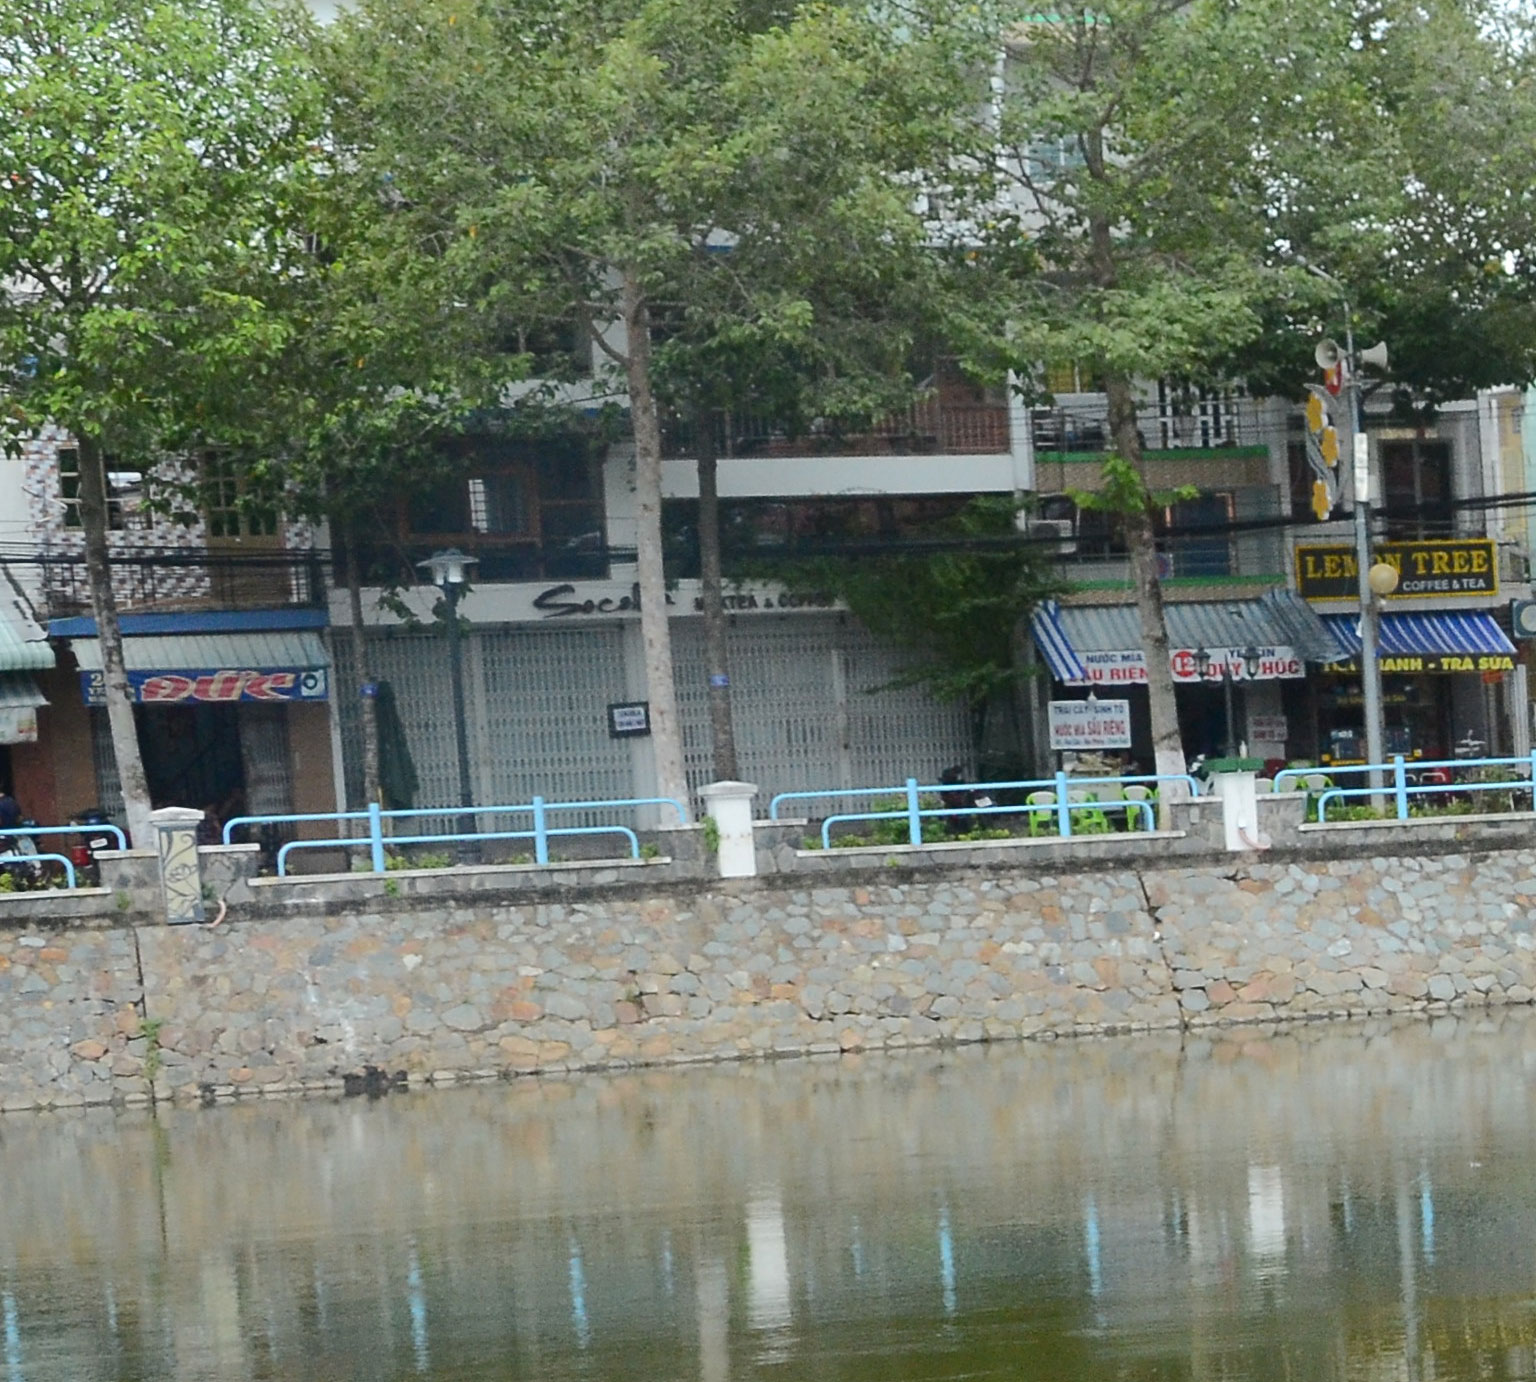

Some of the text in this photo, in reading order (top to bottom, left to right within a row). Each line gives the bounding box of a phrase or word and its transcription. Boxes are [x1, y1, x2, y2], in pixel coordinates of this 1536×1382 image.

[1411, 550, 1488, 576] TREE
[1402, 577, 1486, 592] COFFEE & TEA
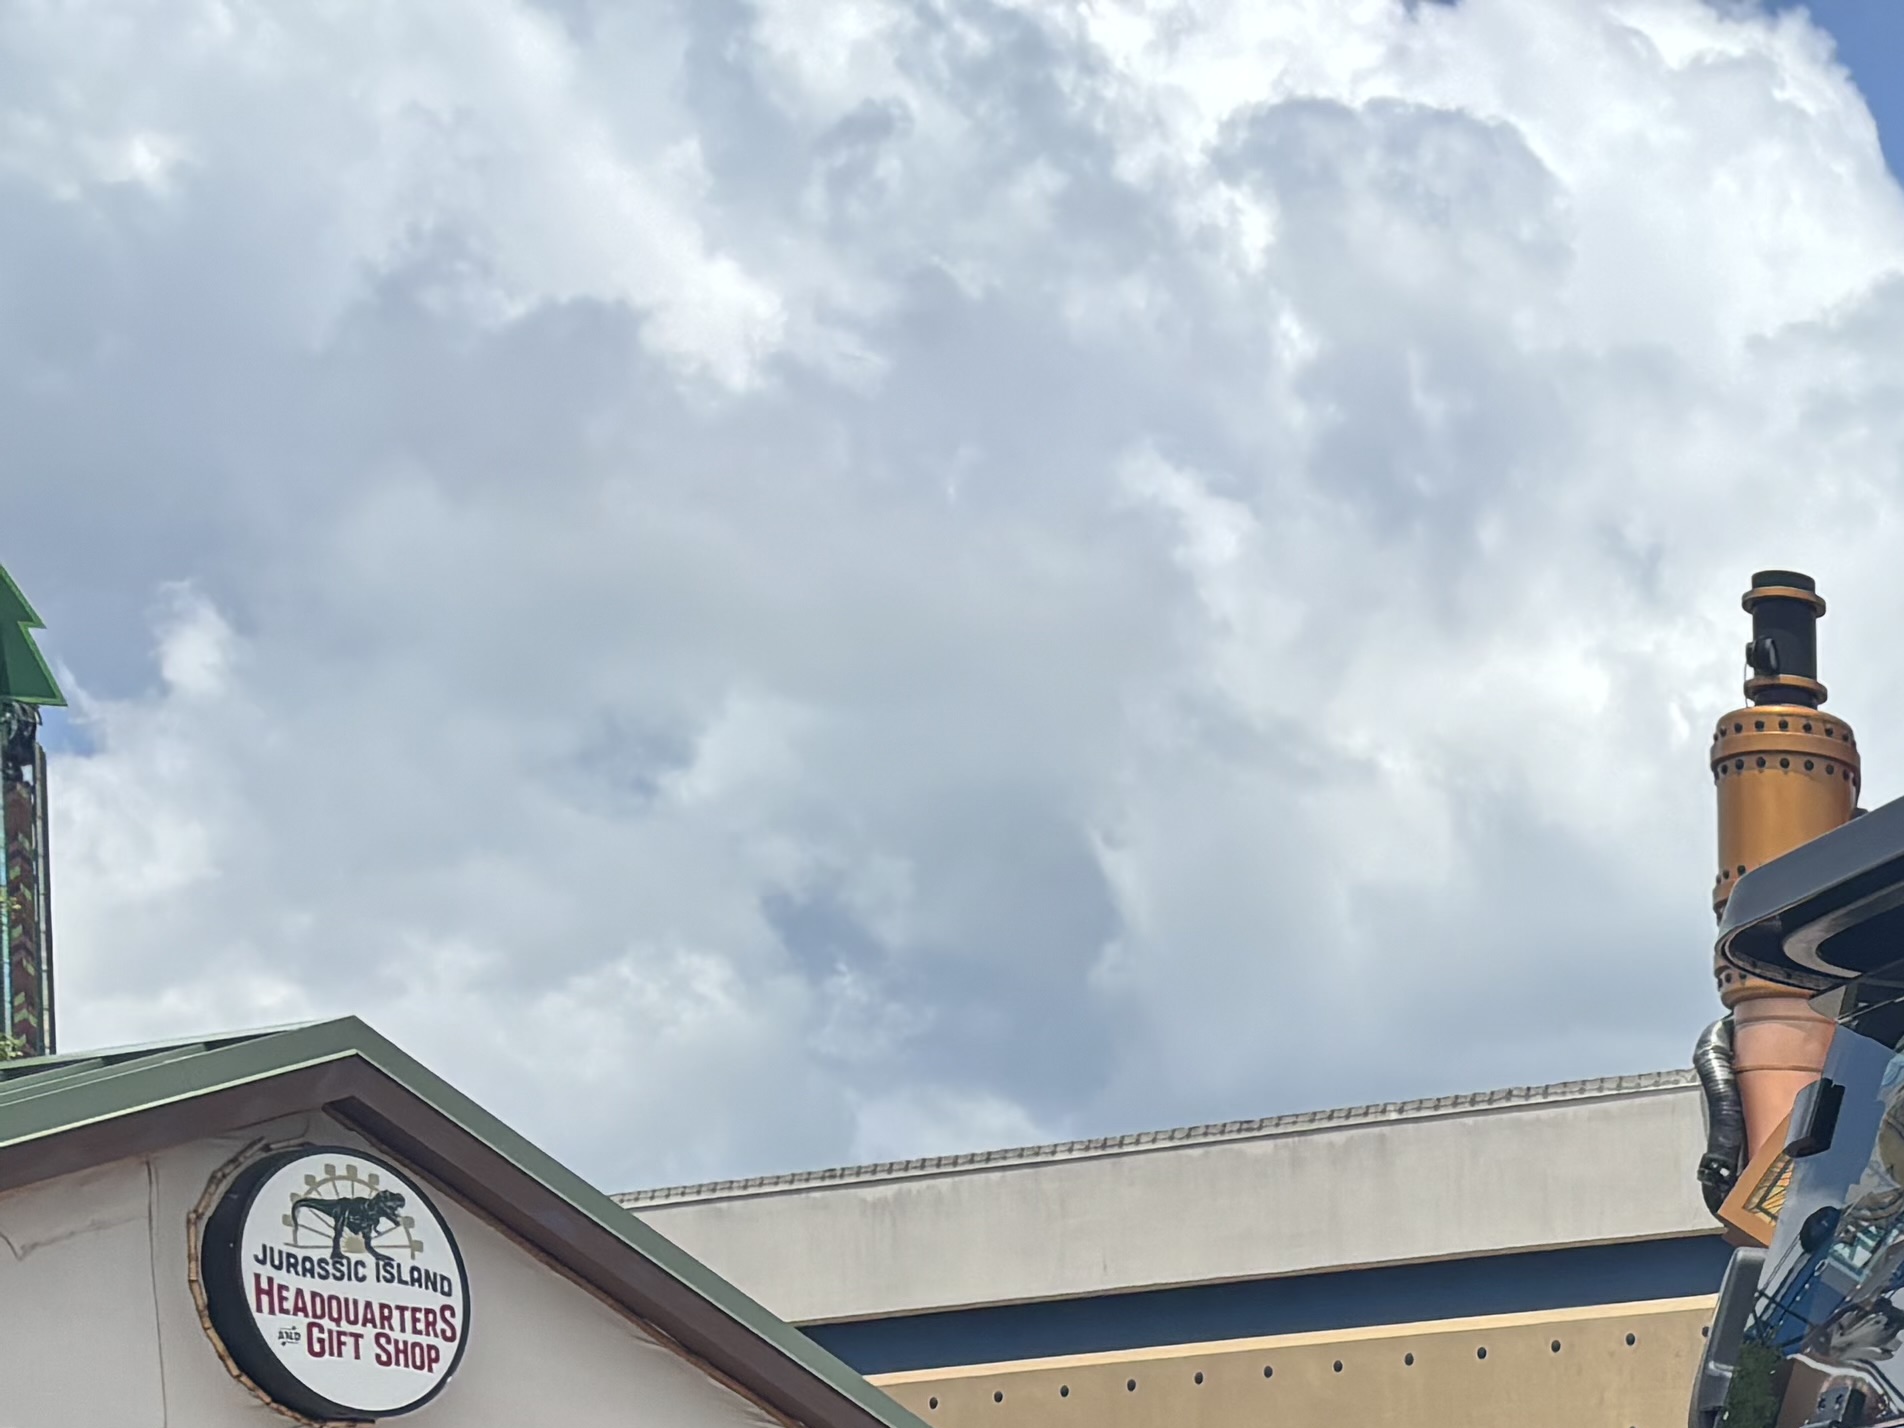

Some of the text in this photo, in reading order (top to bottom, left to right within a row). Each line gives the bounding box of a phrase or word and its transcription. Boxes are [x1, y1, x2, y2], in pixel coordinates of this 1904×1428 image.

[253, 1244, 453, 1297] JURASSIC ISLAND
[253, 1273, 457, 1343] HEADQUARTERS
[306, 1321, 364, 1360] GIFT
[374, 1331, 441, 1374] SHOP
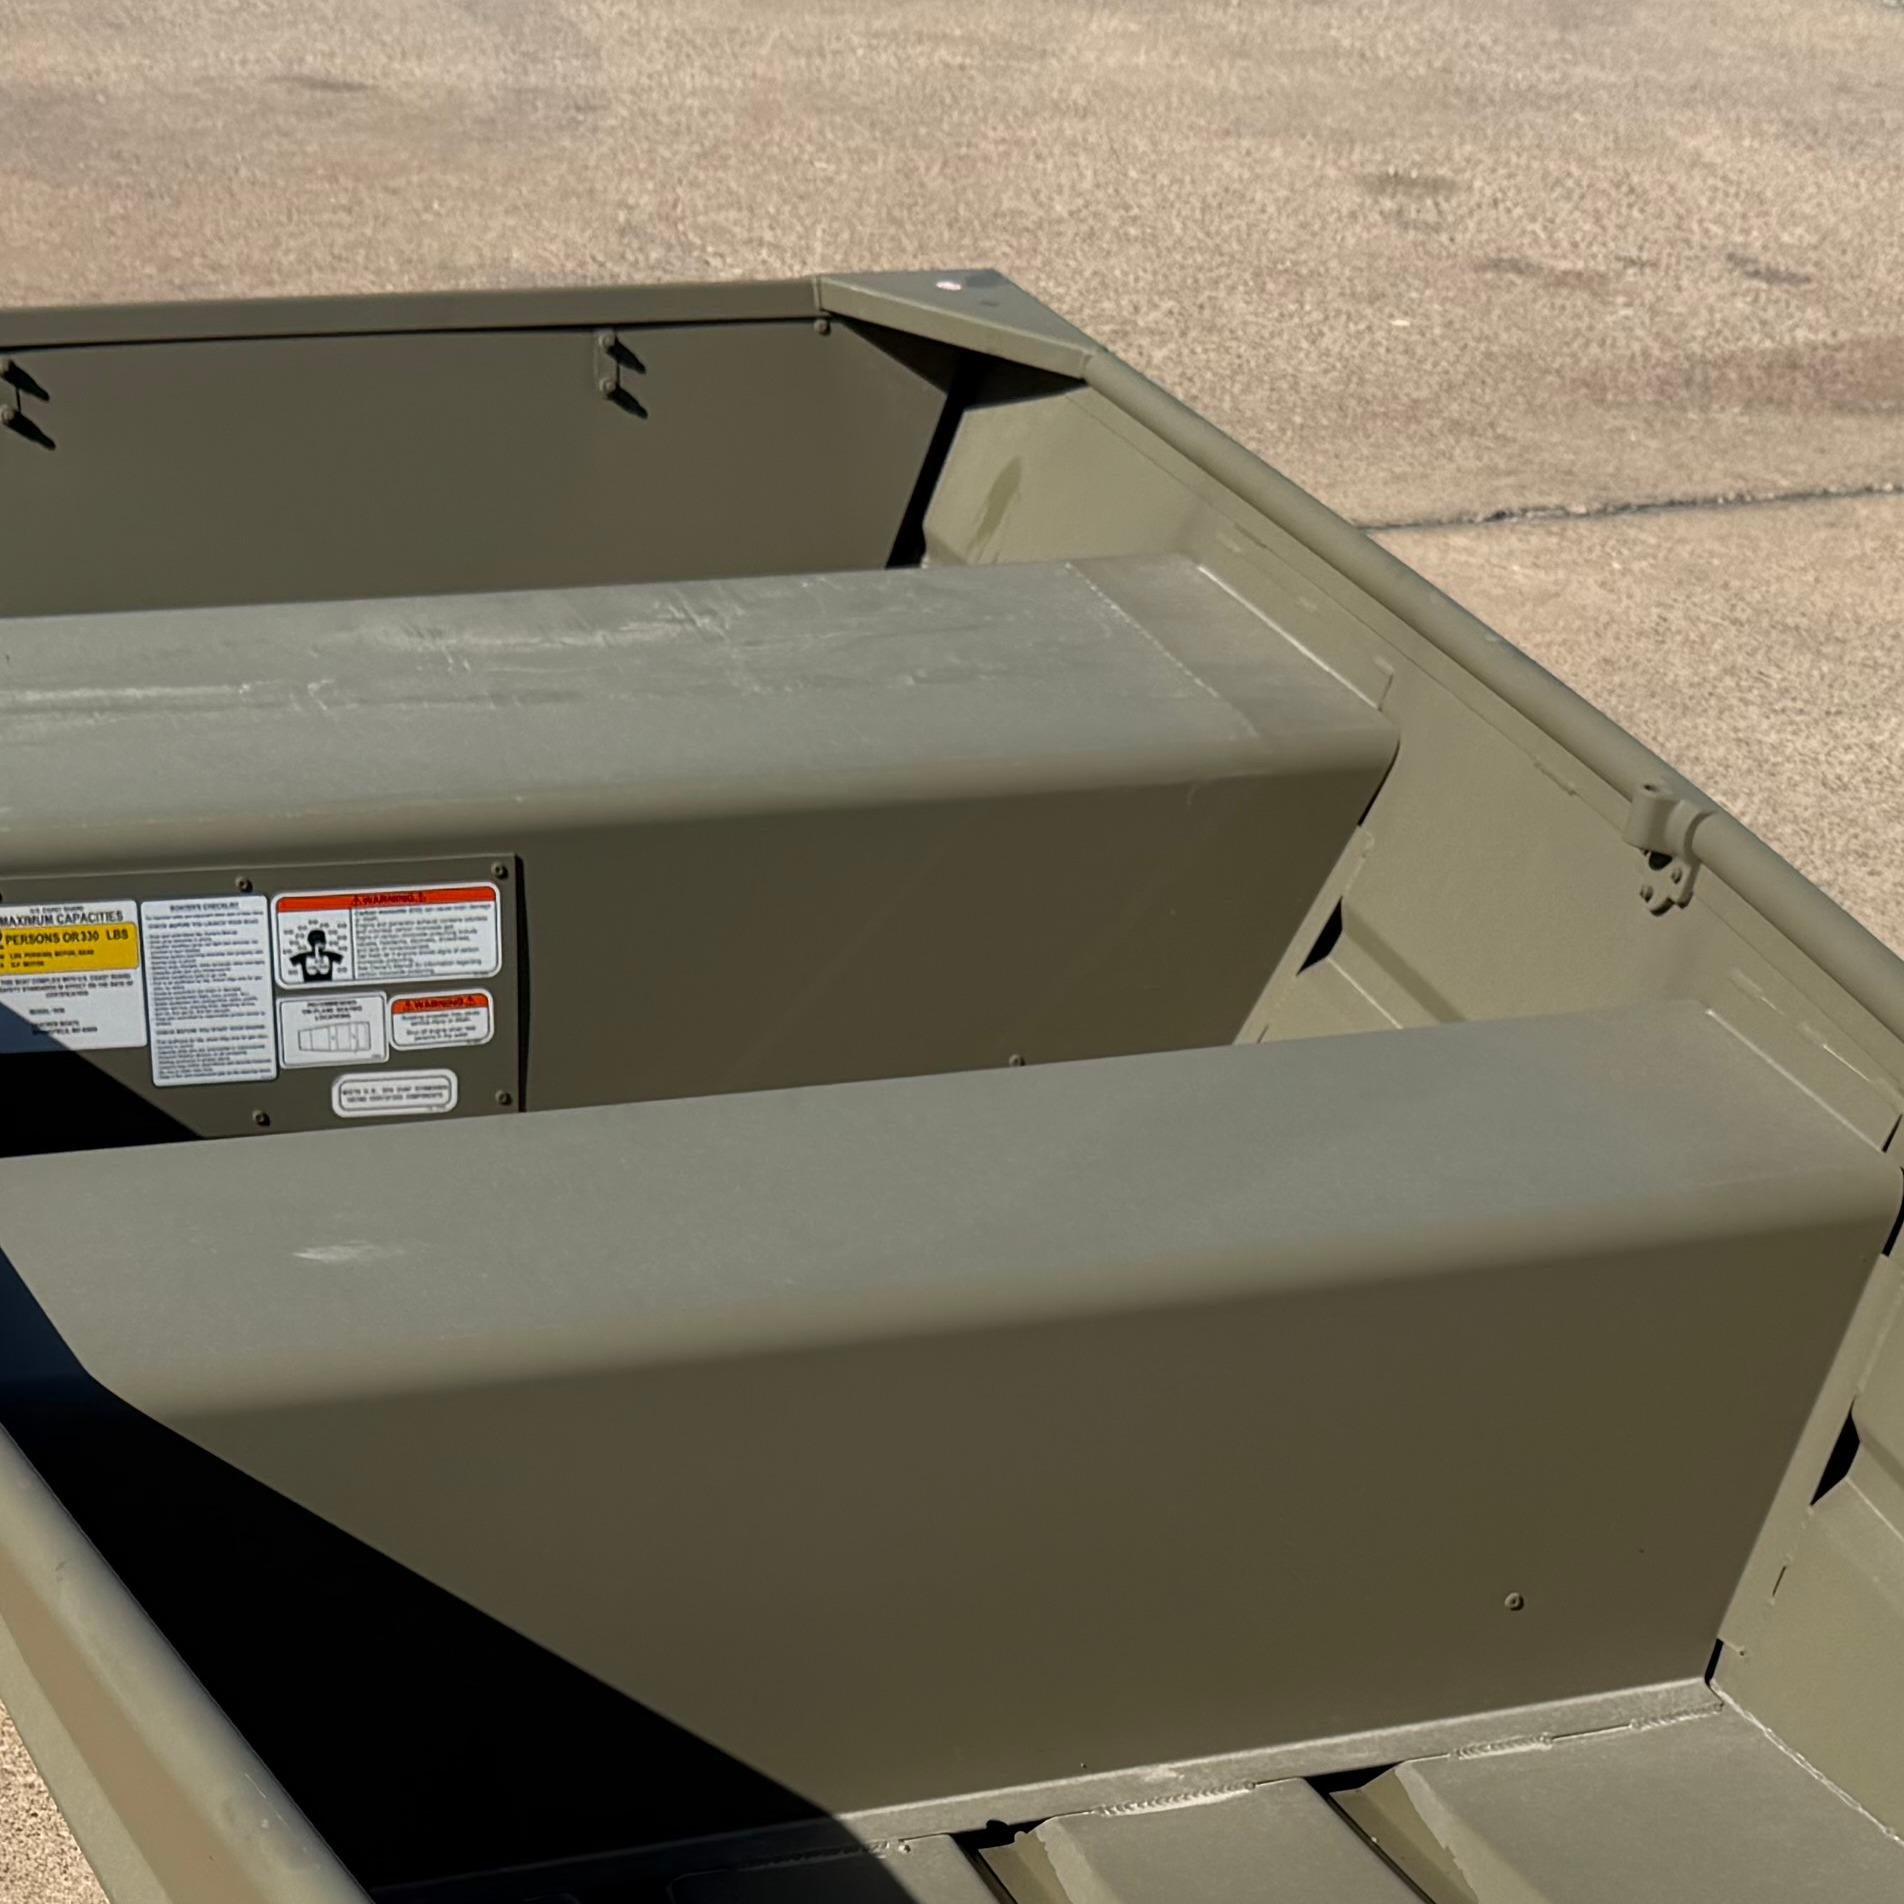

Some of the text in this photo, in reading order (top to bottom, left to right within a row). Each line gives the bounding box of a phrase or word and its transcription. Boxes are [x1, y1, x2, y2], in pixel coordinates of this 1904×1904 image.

[363, 895, 413, 905] WARNING
[0, 910, 123, 926] MAXIMUM CAPACITIES
[5, 932, 60, 945] PERSONS
[62, 931, 80, 942] OR
[81, 930, 99, 941] 330
[106, 929, 129, 940] LBS
[414, 997, 464, 1009] WARNING

________________________________________

**Exercise prompt**. Take the records above and transcribe them exactly, dropping every picture.

**Answer to this exercise**.
Some of the text in this photo, in reading order (top to bottom, left to right within a row). Each line gives the bounding box of a phrase or word and its transcription. Boxes are [x1, y1, x2, y2], in pixel coordinates of this 1536×1382 image.

[1411, 550, 1488, 576] TREE
[1402, 577, 1486, 592] COFFEE & TEA

Some of the text in this photo, in reading order (top to bottom, left to right within a row). Each line gives the bounding box of a phrase or word and its transcription. Boxes are [x1, y1, x2, y2], in pixel coordinates of this 1904×1428 image.

[253, 1244, 453, 1297] JURASSIC ISLAND
[253, 1273, 457, 1343] HEADQUARTERS
[306, 1321, 364, 1360] GIFT
[374, 1331, 441, 1374] SHOP

Some of the text in this photo, in reading order (top to bottom, left to right within a row). Each line gives the bounding box of a phrase or word and its transcription. Boxes are [x1, y1, x2, y2], in pixel coordinates of this 1904×1904 image.

[363, 895, 413, 905] WARNING
[0, 910, 123, 926] MAXIMUM CAPACITIES
[5, 932, 60, 945] PERSONS
[62, 931, 80, 942] OR
[81, 930, 99, 941] 330
[106, 929, 129, 940] LBS
[414, 997, 464, 1009] WARNING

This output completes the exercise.